The results of the color study (Table 1) show that the brightness (L*) of the pulp is higher in white-fleshed fruit (Claudia) than in yellow-fleshed fruit (Peluche), reflecting the more intense color, which depends on the higher accumulation of carotenoids [42]. The a* (redness/greenness) and b* (yellowness/blueness) values were much greater in Peluche. Alternatively, the color was well-described by h° as follows: 0° for red-purple and 90° for yellow [43]. Therefore, with hue angles of 1.14° and 0.96°, the peel color of white-fleshed and red-fleshed cultivars tends to be yellow and orange, respectively.
Table 2 shows the results of the physico-chemical analysis of both cultivars. Peluche shows a higher content of TSSC than Claudia. The cultivar ‘Claudia’ shows the highest consistency. These data are similar to that reported by Insero et al., 1993, for loquat fruits of the same cultivars grown in Palermo [44]. Both cultivars showed similar values to the TSSC observed by Xu and Chen, 2011 [45] and Hasegawa et al., 2010 [46]. Finally, the cultivar Peluche reached the highest level of the TSSC/TA ratio, which indicates a sweeter fruit [3,6].

3.2. Preliminary Test

Table 3 refers to the preliminary test carried out in order to choose the best “time-temperature” combination to obtain a high-quality dehydrated product. The best maintains the organoleptic and nutritional characteristics of the fresh fruit. The principle of dehydration is to reduce water content to increase the shelf-life of the product [47]. Our data show that the value of the DR% is about 40%, after a period of dehydration at 50 °C for 12 h. The fruits of both cultivars were particularly browned, as can be seen from the colorimetric values (Table 3), and gummy to the touch, characteristics not appreciated by consumers in dehydrated products [48]. The enzymatic browning could be due to the destruction of carotenoids, as reported by Mazzaglia et al., 2020 [40]. For this reason, the treatment at 50 °C for 12 h was not applied and we proceeded only with the application of a hot air dehydration treatment at a temperature of 70 °C for 12 h, which also gave the best results in chemical-physical parameters in the preliminary test (data not shown).

3.3. Longitudinal and Transverse Diameter and Dry Residue (DR%)

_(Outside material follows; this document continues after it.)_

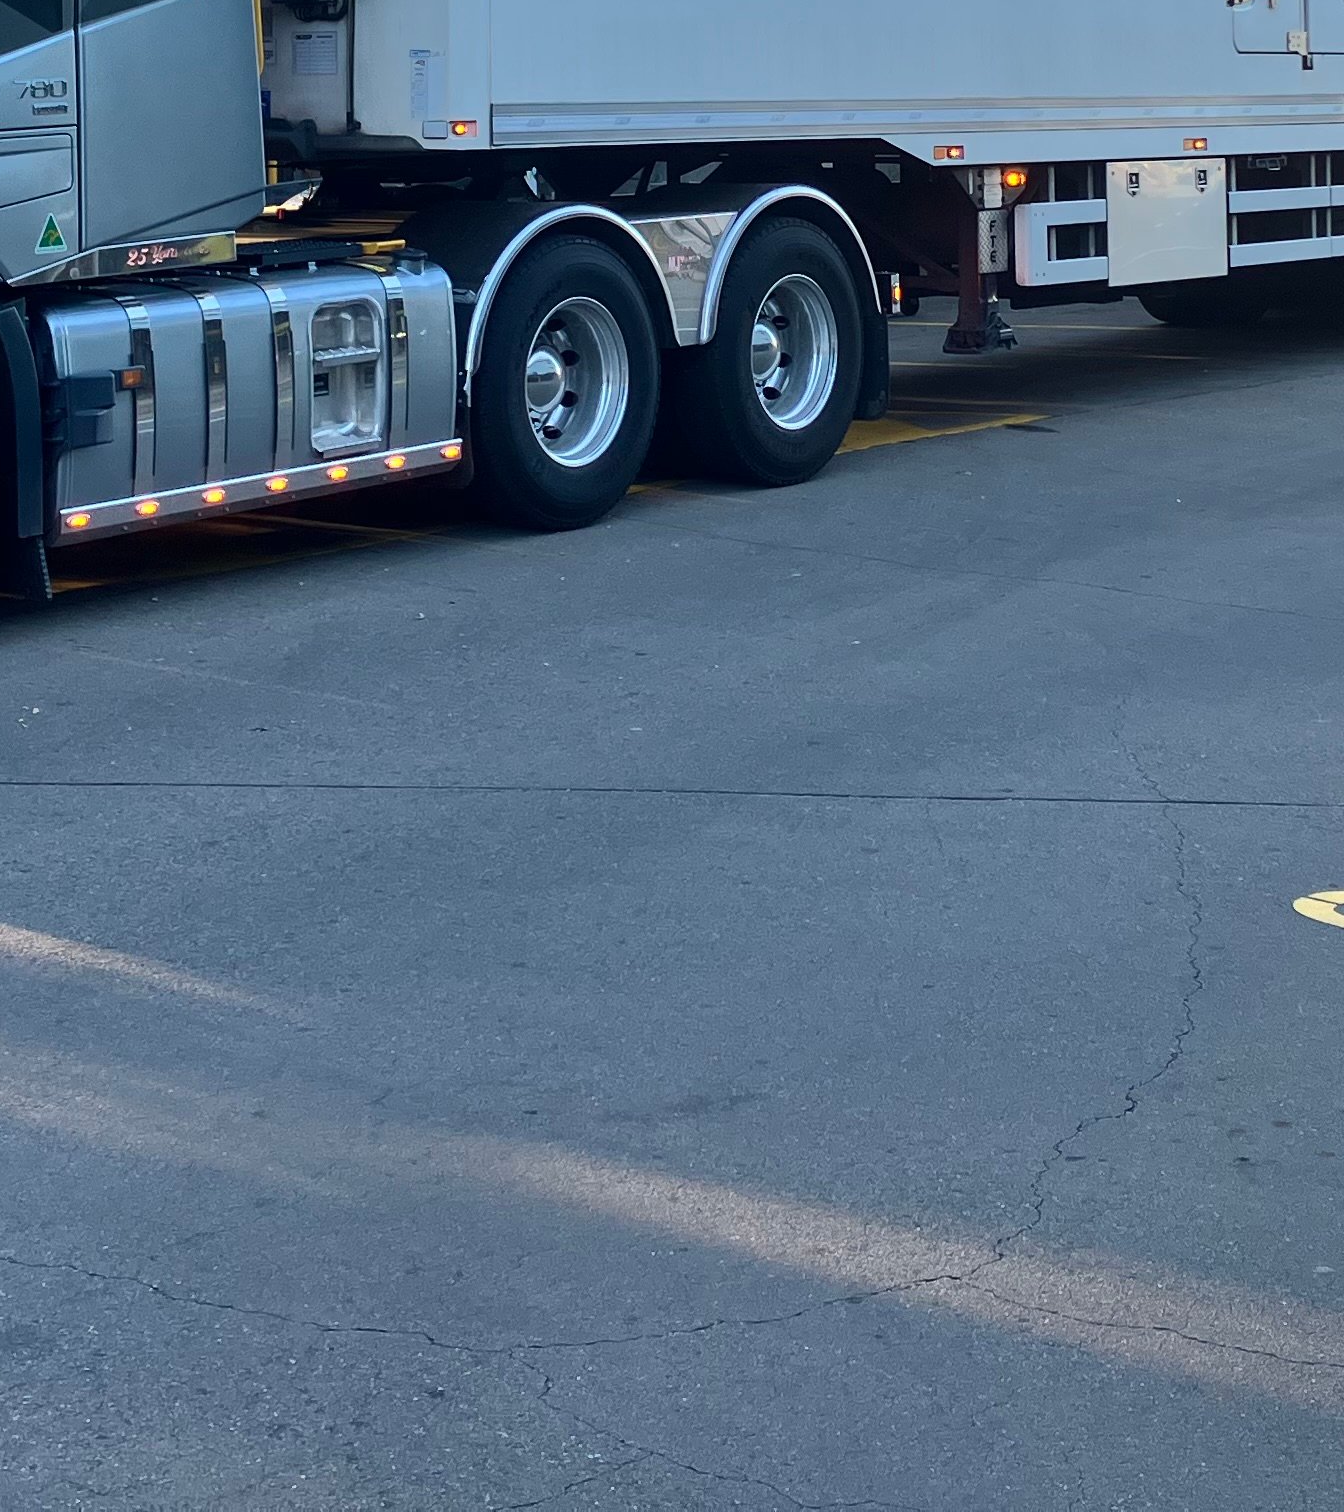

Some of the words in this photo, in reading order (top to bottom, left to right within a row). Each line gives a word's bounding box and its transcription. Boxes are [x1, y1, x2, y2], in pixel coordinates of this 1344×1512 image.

[13, 80, 68, 100] 780
[989, 219, 997, 264] FTE
[126, 248, 149, 266] 25

Concerning the Claudia Cv., as shown in Figure 1 and Figure 2, the longitudinal diameter (LD) and the transverse diameter (TD) decreased with the dehydration process. In particular, before dehydration, the loquat slices had a LD of 50.59 mm and a TD of 43.04 mm. After dehydration, the values decreased to 35.22 and 32.70 mm, respectively. Thus, the dehydration process reduced the LD of loquat slices by 15.37 mm and the TD by 10.34 mm. Comparing these data with DR% showed a water content loss of 87.08%. After 50 days of storage, the LD was further reduced by 9.41 mm and the TD by 8.07 mm in MAP N2-treated slices, while MAP P-treated slices were reduced in diameters (LD and TD) by 7.75 and 6.86 mm, respectively. Thus, dehydrated white-flesh loquat treated with MAP P lost more water content at the end of the storage period; in fact, their diameter decreased more than the fruits treated with MAP N2.
For Peluche Cv, the LD before dehydration was 48.93 mm, while the TD was 44.12 mm. After dehydration, these values decreased to 36.65 and 31.95 mm, respectively, reducing by about 12 mm. Thus, after dehydration, loquat slices lost 87.17% of their DR%. However, the differences between the MAP N2 and MAP P treatments, detected over up to 50 days of storage, were as follows: the data from the MAP N2 treatment showed that the LD decreased by a further 11.62 mm, while the TD decreased by a further 9.86 mm, whereas the LD of MAP P lost 9.16 mm and the TD lost 8.16 mm. Therefore, according to these data, the best treatment seems to have been MAP N2, probably due to the N2 inside the bags. In fact, according to different studies [39,49,50], the N2 alone or in combination with other gases seems to improve the shelf-life of the fruit by influencing water vapor transmission. In addition, previous studies [5] report consumer preferences towards larger fruits, although with unaltered organoleptic characteristics.
The effects of dehydration do not seem to be influenced by the type of fruit, as both red and white-fleshed products showed the same DR%.

3.4. Firmness

The evolution of firmness of the dehydrated loquat slices over the period of storage is reported in Figure 2. Mechanical properties of the fruits are expected to change during storage [51] due to the alteration of their structural components that occurs during hot air drying [52]. Compared to the fresh fruit, white-fleshed dehydrated fruit appeared to lose more firmness at 0 days. Significant differences between passive and MAP N2 samples were only observed in the red-fleshed fruits until 20 days of storage, while no difference emerged between the treatments after this date. Overall, red-fleshed loquat slices retained a slightly higher firmness than the white-fleshed ones, but with no significant difference between the two groups. Throughout the storage period, we observed a slight decrease of firmness by fruits of all groups, which can be attributed to the loss of fruit turgor, compensated for by hardening due to the dehydration [53]. These results, however, are satisfactory if compared with studies conducted on several dehydrated fruits such as peach, pear, and apricot [54], which lose up to 99% of their firmness values. This is probably an effect of the controlled atmosphere storage of the fruit slices, as has been observed repeatedly by various authors [55,56,57].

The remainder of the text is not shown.